▸ Task goal
Without the images, output each record below as it stands.

▸ Records provided
————

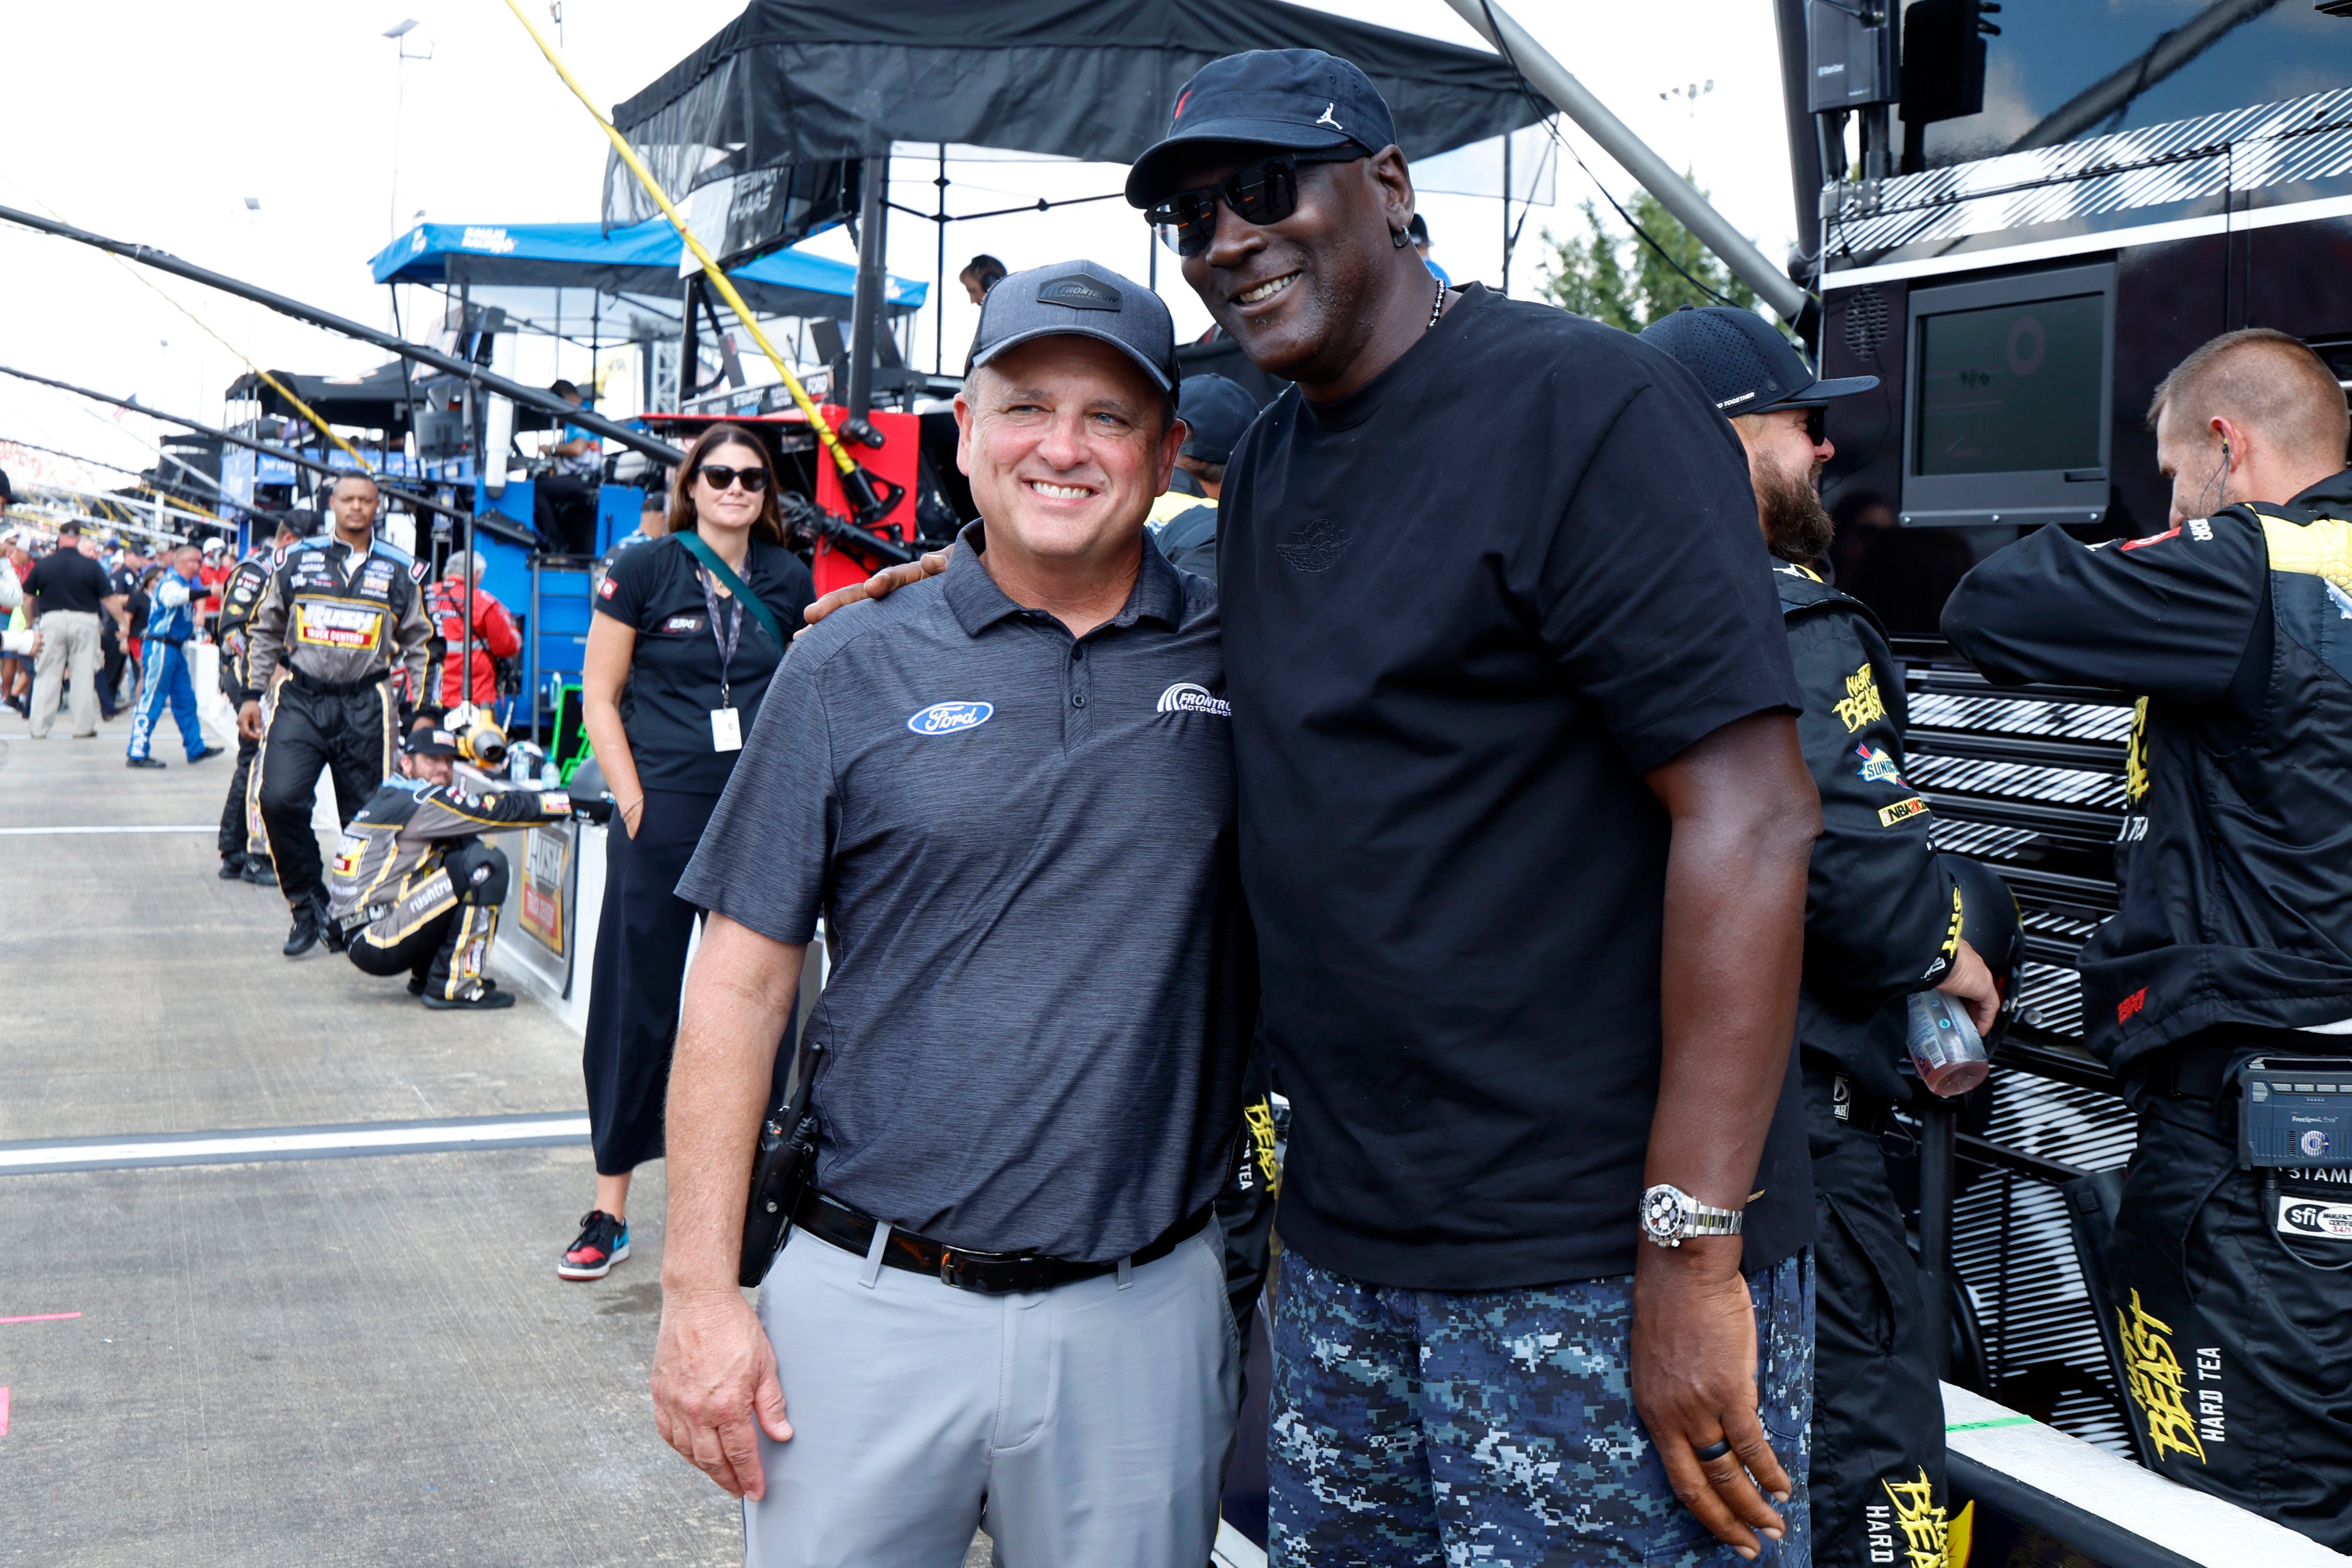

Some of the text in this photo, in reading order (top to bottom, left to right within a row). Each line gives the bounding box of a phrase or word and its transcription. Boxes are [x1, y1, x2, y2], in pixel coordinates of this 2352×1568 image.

[806, 374, 828, 395] FORD
[733, 388, 765, 408] STEWART
[1724, 392, 1755, 406] TOGETHER
[304, 604, 377, 631] RUSH
[307, 627, 329, 640] TRUCK
[925, 705, 977, 731] Ford
[409, 877, 453, 913] rushtru
[1239, 1163, 1254, 1190] TEA
[2291, 1207, 2317, 1226] sfi
[2323, 1213, 2352, 1221] MANUFACT
[2129, 1287, 2206, 1464] BEAST
[2196, 1347, 2225, 1442] HARD TEA
[1866, 1505, 1894, 1563] HARD

————

▸ Response area
Some of the text in this photo, in reading order (top to bottom, left to right within a row). Each line gives the bounding box of a phrase or word and its transcription. Boxes are [x1, y1, x2, y2], in pixel coordinates of this 2352×1568 image.

[806, 374, 828, 395] FORD
[733, 388, 765, 408] STEWART
[1724, 392, 1755, 406] TOGETHER
[304, 604, 377, 631] RUSH
[307, 627, 329, 640] TRUCK
[925, 705, 977, 731] Ford
[409, 877, 453, 913] rushtru
[1239, 1163, 1254, 1190] TEA
[2291, 1207, 2317, 1226] sfi
[2323, 1213, 2352, 1221] MANUFACT
[2129, 1287, 2206, 1464] BEAST
[2196, 1347, 2225, 1442] HARD TEA
[1866, 1505, 1894, 1563] HARD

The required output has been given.